Can I be with my child for their appointment?
ABSOLUTLEY. We will never make you be present for care if you choose not to, but we have an open door policy at Parkview Pediatric Dentistry.
However, there are guidelines that Dr Janssen has found to help children master their dental appointments.
- We believe that a parent is an integral part of the care that we are able to provide and we welcome you to accompany your child back for all treatments except sedations and general anesthesia. This is because during these appointments extra members of staff are present to assist in the safe management of care for your child and there simply isn’t room for others to be present.
- The relationship between parent and child is so strong that for the staff to have the opportunity to build trust and create a positive experience it is imperative that you as the parents are to accompany your child as a SILENT OBSERVER.
- Please respect the limited size of the treatment and waiting areas and attempt to present to appointments with as few extra individuals as possible.
- Some children do perform better when a parent isn’t present. If this is found to be the case Dr Janssen will discuss different methods to help your child master the dental appointment.
It is our primary focus to help your child master the dental appointment. If there are any special requests for care or you have questions regarding guidelines for parents please discuss those with us prior to the appointment.
When should my child see the dentist?
When the first tooth appears, or no later than their first birthday. Pediatric dentists focus on prevention and research shows that children who visit the dentist earlier are less likely to have tooth decay.
What should I use to clean my baby’s teeth?
Before children have teeth a wet washcloth is helpful to rub on the gums and remove food and bacteria
When teeth come in any small soft bristled toothbrush is will help remove bacteria that can lead to decay. Any soft-bristled toothbrush with a small head, preferably one designed specifically for infants, should be used at least once a day at bedtime.
When should you use toothpaste, and how much?
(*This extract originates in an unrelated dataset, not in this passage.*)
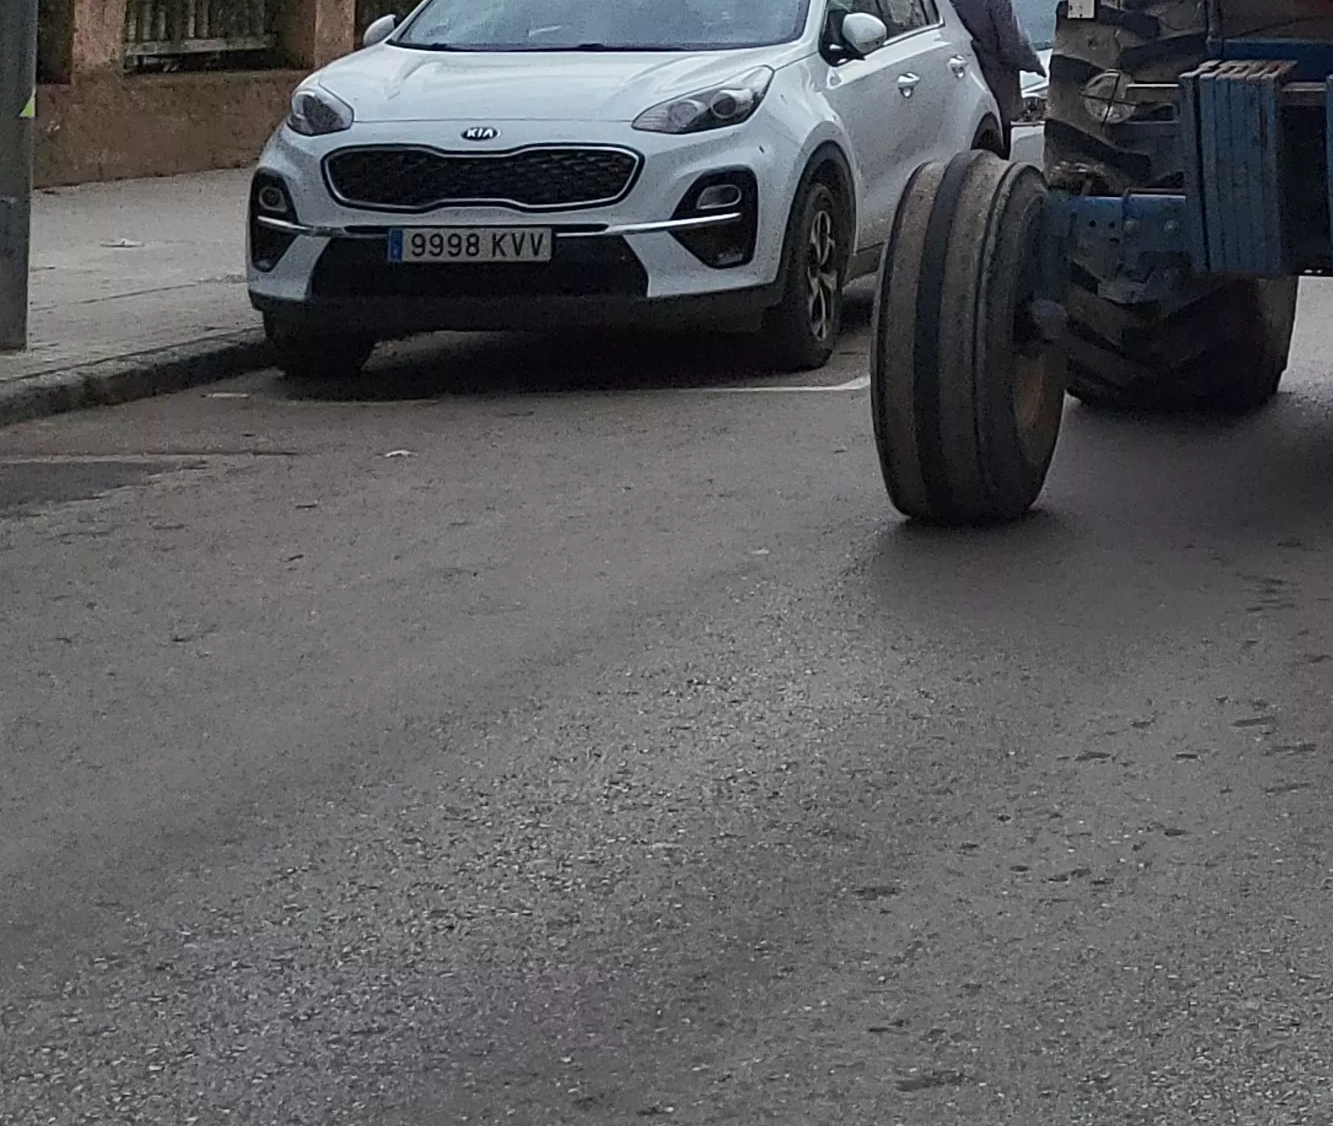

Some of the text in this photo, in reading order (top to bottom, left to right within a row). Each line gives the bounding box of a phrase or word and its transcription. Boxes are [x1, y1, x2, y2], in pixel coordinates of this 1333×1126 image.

[466, 128, 495, 138] KIA
[411, 233, 545, 257] 9998 KVV
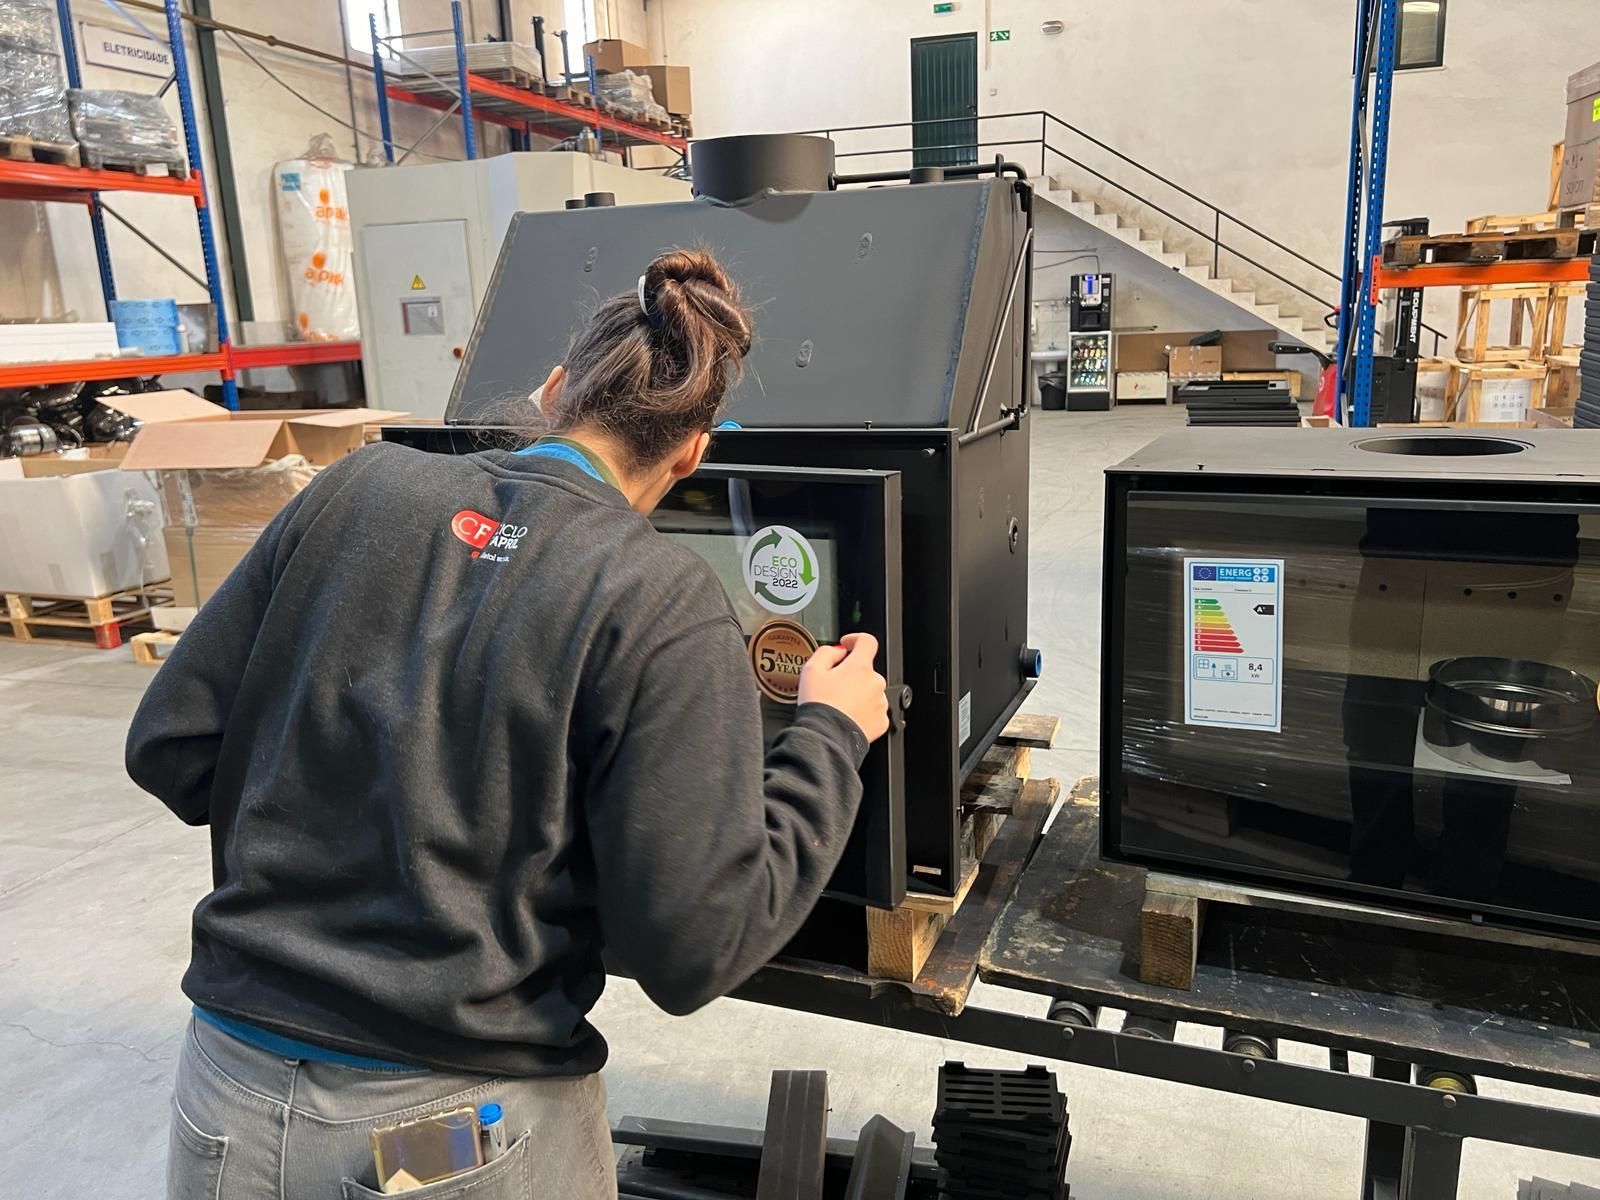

As soon as the teeth begin to appear, start brushing twice daily using fluoridated toothpaste and a soft, age-appropriate sized toothbrush. For children under 2 you should only use a “smear” or toothpaste. For children over 2 you can use a “pea” sized amount of toothpaste.
How old should my child be before they can brush alone?
This is an interesting question and varies from child to child. However, what research continues to show is that children do not do an adequate job brushing their teeth alone until they reach the age of 6-7. Even at this point they still require supervision when brushing to prevent the “10 second brushing”.
Are primary “Baby Teeth” important?
YES. They are not just for chewing, they are important for speech development, development of the jaws, keeping space for permanent teeth. Decay in baby teeth can be easily prevented or treated, but failing to take care of baby teeth can cause life threatening infections.
Are thumbsucking and pacifier habits harmful?
Not necessarily. They only become a problem if they last for long periods of time. The American Academy of Pediatric Dentistry recommends beginning to remove pacifiers at age 2 with complete removal by the 3rd birthday. We can evaluate if any growth changes have occurred because of this habit. If an intervention is needed there are many different ways to correct this habit.
How often does my child need to see the pediatric dentist?
A check-up every six months is recommended in order prevent cavities and other dental problems. However, your pediatric dentist can tell you when and how often your child should visit based on their personal oral health.
What are Sealants?
Sealants are thin “plastic like” coverings that go down in the deep grooves of teeth to keep bacteria from living in them. Studies show that 90% of decay on teeth occur in the grooves that could be protected by sealants.
What is Fluoride? What does it do for teeth?
Fluoride is naturally found in the environment. In West Texas it is naturally found in the groundwater. Unfortunately, the groundwater can contain too much fluoride and cause staining on teeth. The city water however has the optimal amount of fluoride for drinking. Fluoride helps to strengthen teeth by remineralizing broken down tooth structure and decreasing sensitivity. If you have further questions about fluoride please feel free to talk with our staff.
Should my child have dental x-rays?
New advances in technology utilized by our office can dramatically reduce x-ray exposure. As a pediatric dentist we strive to reduce radiation exposure for your children. At Parkview Pediatric Dentistry we do not contract with insurance companies and don’t take x-rays just because they are a covered service. We closely follow the American Academy of Pediatric Dentistry guidelines for radiation exposures to decrease x-ray exposure for all our patients. We also use all digital x-rays that allow us to decrease the radiation dose even further.